Another thing we talked about as a group was seeing ordinary Slovenians differentiating themselves from the state and providing that humanity to people. All the food distribution, escorting to and from the clinic and providing of new clothes, nappies etc was being managed by unpaid volunteers working with Slovenian Philanthropy. They were incredibly responsive to our presence and really amazing at trying to improve the position of the people they were helping in whatever ways they could find despite the barriers created by the system. This crisis so far will be remembered for the terrible way our state organised activities have failed these refugees and how ordinary people and voluntary organisations have stepped in to pick up the slack.

One final point I want to make is that I have noticed the softening of the media to the plight of Syrians and there seems to be accepted that Syrians have the right to flee. This is of course welcome news and vital to help apply pressure onto the government to accept more refugees. However, everyone has the right to escape persecution and claim asylum in any state.

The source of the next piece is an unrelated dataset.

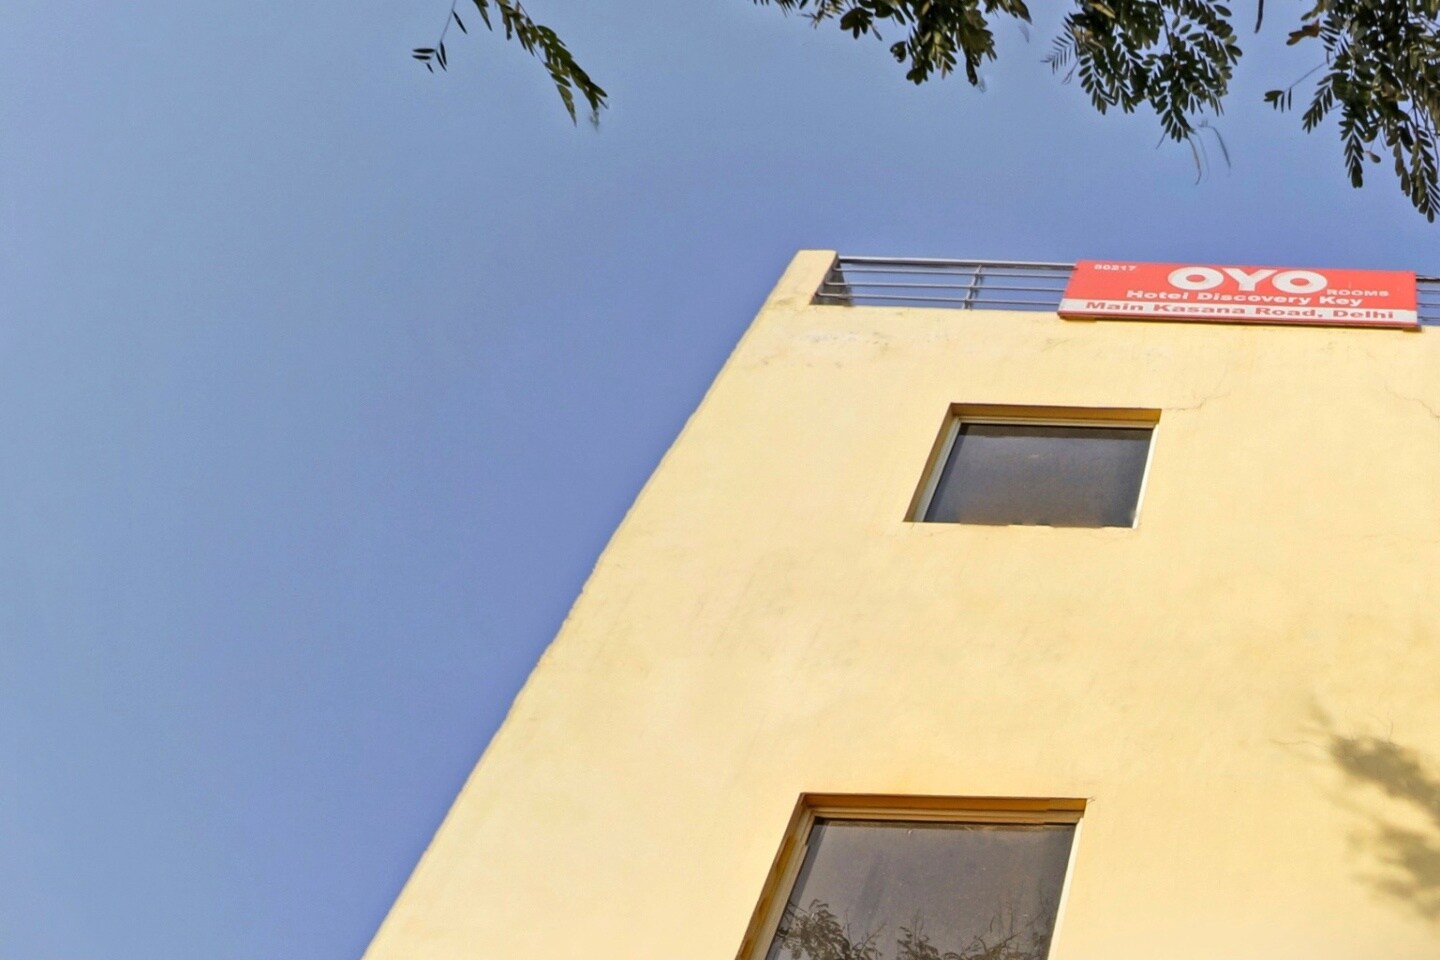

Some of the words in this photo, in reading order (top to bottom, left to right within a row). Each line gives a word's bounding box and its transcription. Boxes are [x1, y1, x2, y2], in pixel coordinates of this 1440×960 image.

Because Macedonia’s policy is still in place, where only Syrians, Iraqis and Afghanis (SIA) are allowed to cross the border we only saw people from those countries or pretending to be from SIA countries. This means that anyone who is black is unable to pass for SIA and is returned immediately on arrival. We saw 2 Somali girls who were detained at the camp and sent to a detention centre in Slovenia despite having every right to claim asylum. The Syrians we met sure have every reason to be fleeing, but so do the Afghanis, the Somalis, the Pakistanis pretending to be Afghanis and the Iranians pretending to be Afghanis and everyone else the world over who’s countries are so fragile or poor they have no prospect of a future. People are people and we need to stop making a distinction between those who have the right to flee and those who don’t. No one would put their children and disabled mother in a boat and travel thousands of miles to Europe if there was not the hope that life would be better than where they left.
Best selfie ever.

1 comment:

  1. Aaminah, I've been re-reading all these. What amazing and shattering experiences, so well written down. Thank you for reminding me of the emotions humans ought to experience when faced with these horrors.